Set the records down again, exactly, without their images.

[[ Given records, beginning ]]

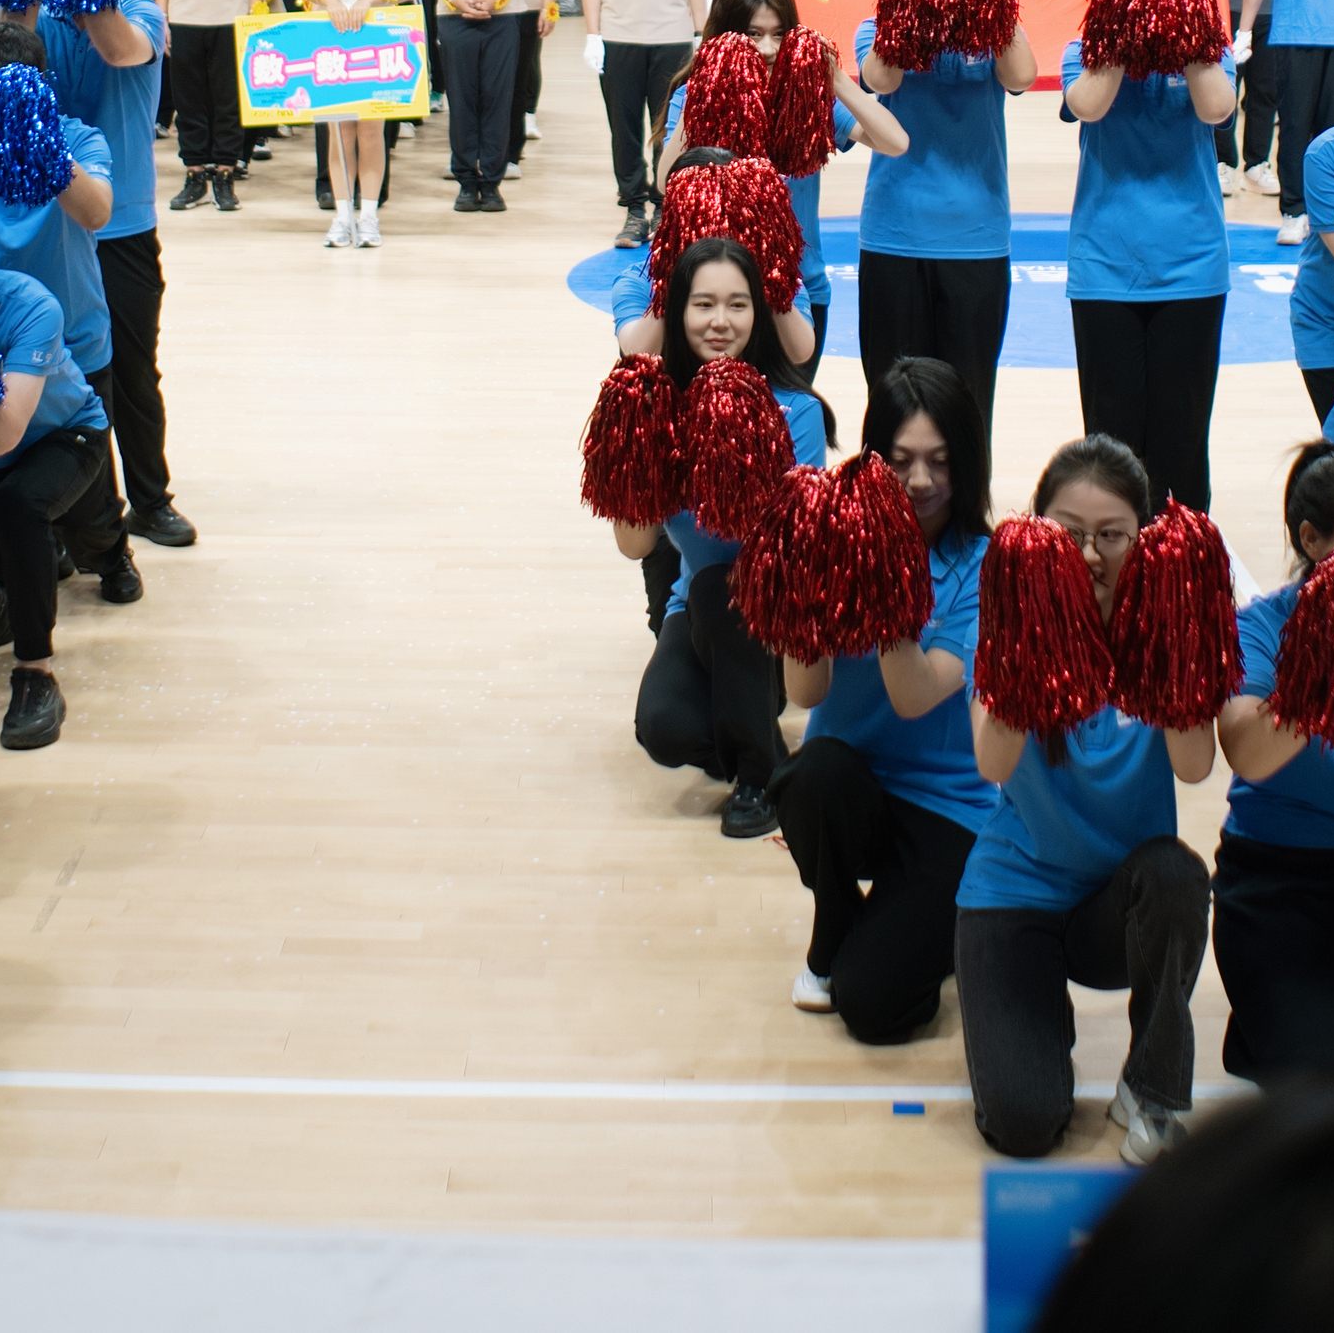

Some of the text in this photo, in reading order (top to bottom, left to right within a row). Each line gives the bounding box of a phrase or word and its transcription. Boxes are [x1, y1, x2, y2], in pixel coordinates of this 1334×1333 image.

[252, 45, 412, 87] 数一数二队
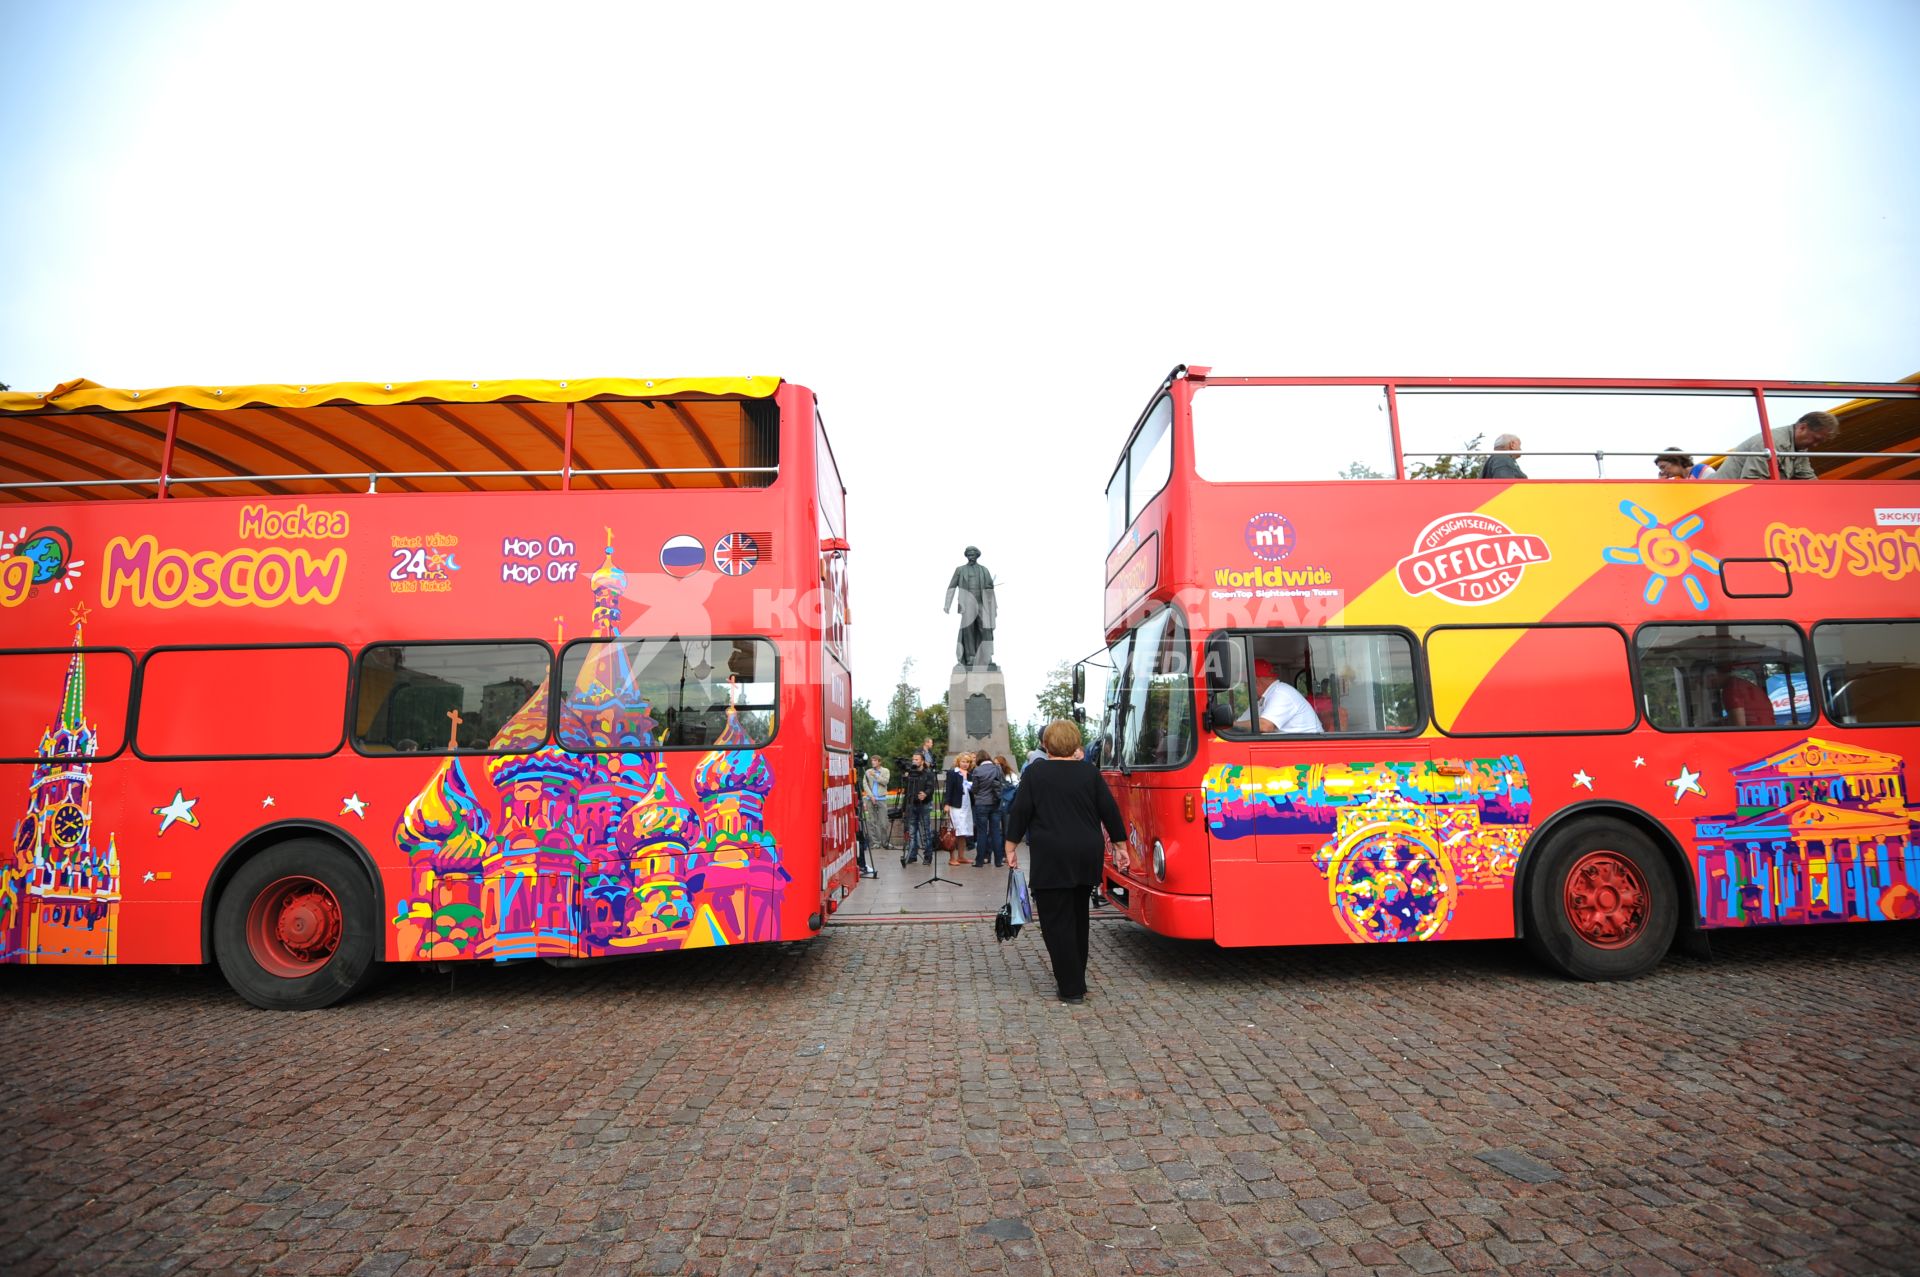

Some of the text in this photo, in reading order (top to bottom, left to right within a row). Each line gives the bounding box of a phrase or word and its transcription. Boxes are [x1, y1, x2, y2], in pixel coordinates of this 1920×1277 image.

[239, 504, 349, 539] Москва
[1426, 518, 1503, 548] CITYSIGHTSEEING
[503, 535, 576, 560] Hop On
[501, 560, 579, 586] Hop Off
[1213, 565, 1332, 588] Worldwide
[1412, 538, 1542, 587] OFFICIAL
[1458, 571, 1516, 599] TOUR
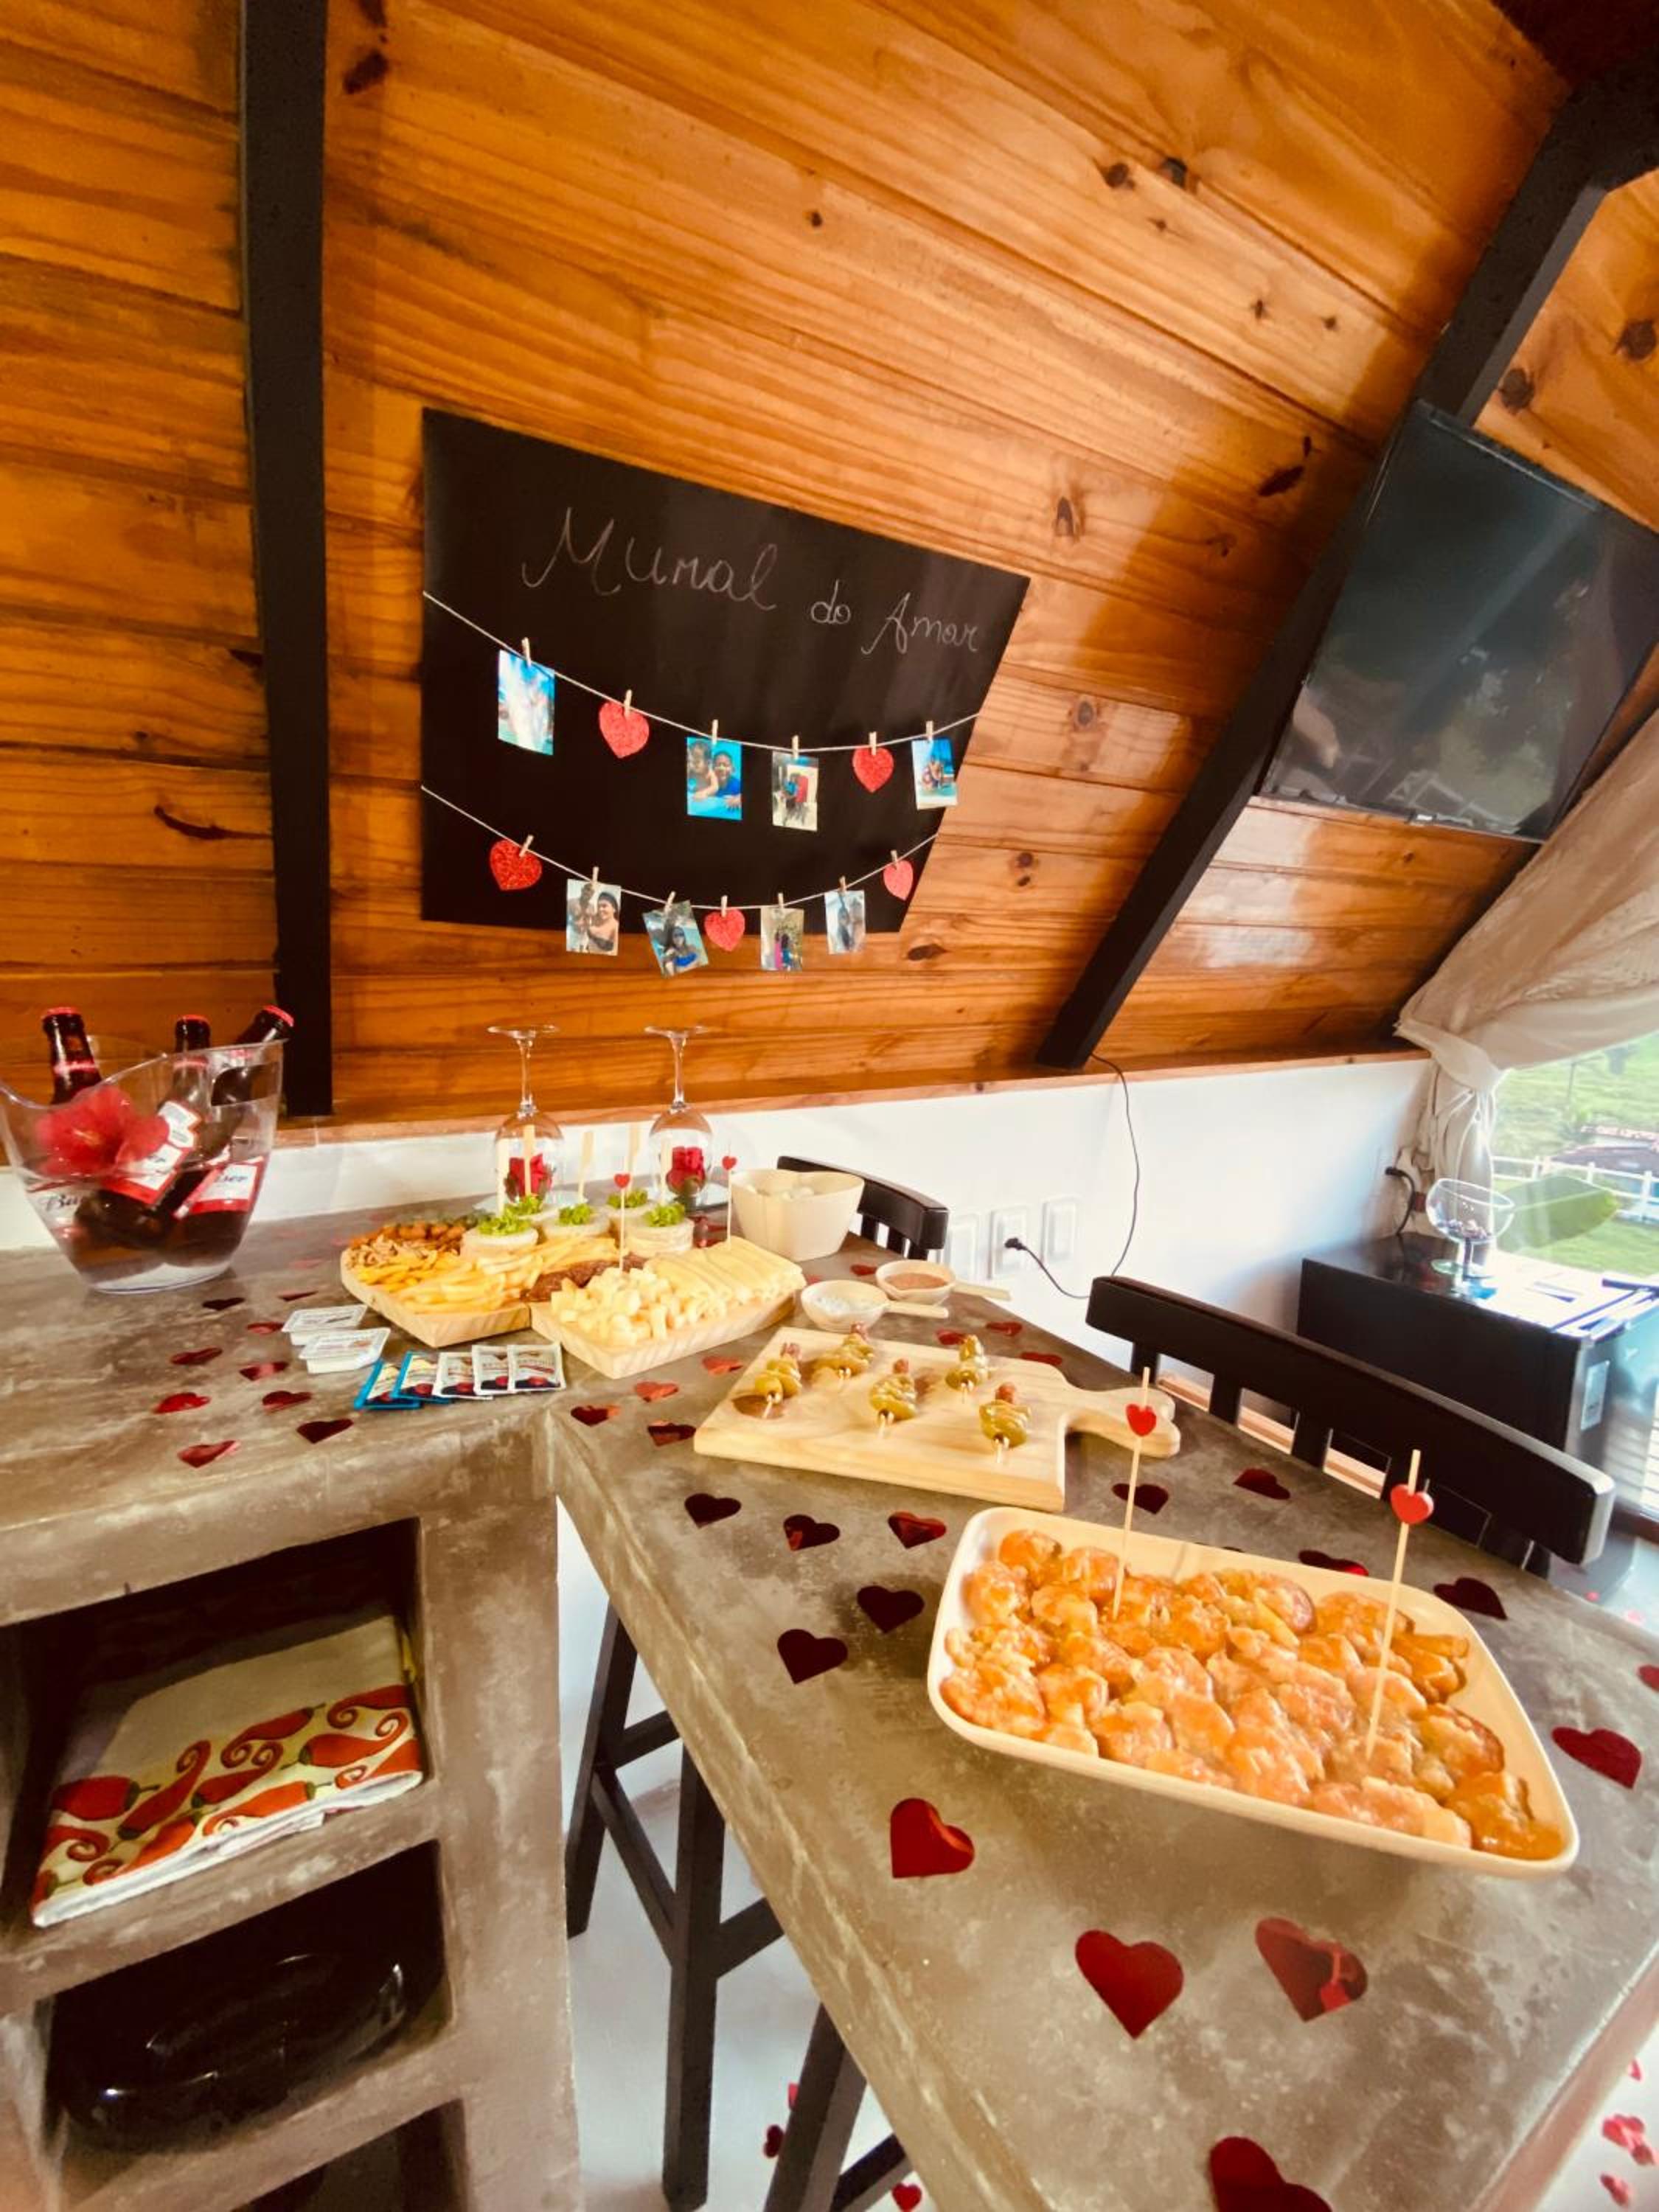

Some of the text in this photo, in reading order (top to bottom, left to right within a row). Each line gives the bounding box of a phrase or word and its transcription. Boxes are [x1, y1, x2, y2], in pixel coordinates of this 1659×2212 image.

[521, 506, 980, 655] Mural do Amor

[[ Given records, end ]]

**Output below**
Some of the text in this photo, in reading order (top to bottom, left to right within a row). Each line gives the bounding box of a phrase or word and its transcription. Boxes are [x1, y1, x2, y2], in pixel coordinates of this 1334×1333 image.

[252, 45, 412, 87] 数一数二队

Some of the text in this photo, in reading order (top to bottom, left to right within a row). Each line gives the bounding box of a phrase or word and its transcription. Boxes are [x1, y1, x2, y2], in pixel coordinates of this 1920×1277 image.

[239, 504, 349, 539] Москва
[1426, 518, 1503, 548] CITYSIGHTSEEING
[503, 535, 576, 560] Hop On
[501, 560, 579, 586] Hop Off
[1213, 565, 1332, 588] Worldwide
[1412, 538, 1542, 587] OFFICIAL
[1458, 571, 1516, 599] TOUR

Some of the text in this photo, in reading order (top to bottom, left to right within a row). Each line gives the bounding box of a phrase or word and its transcription. Boxes are [x1, y1, x2, y2], in pixel coordinates of this 1659×2212 image.

[521, 506, 980, 655] Mural do Amor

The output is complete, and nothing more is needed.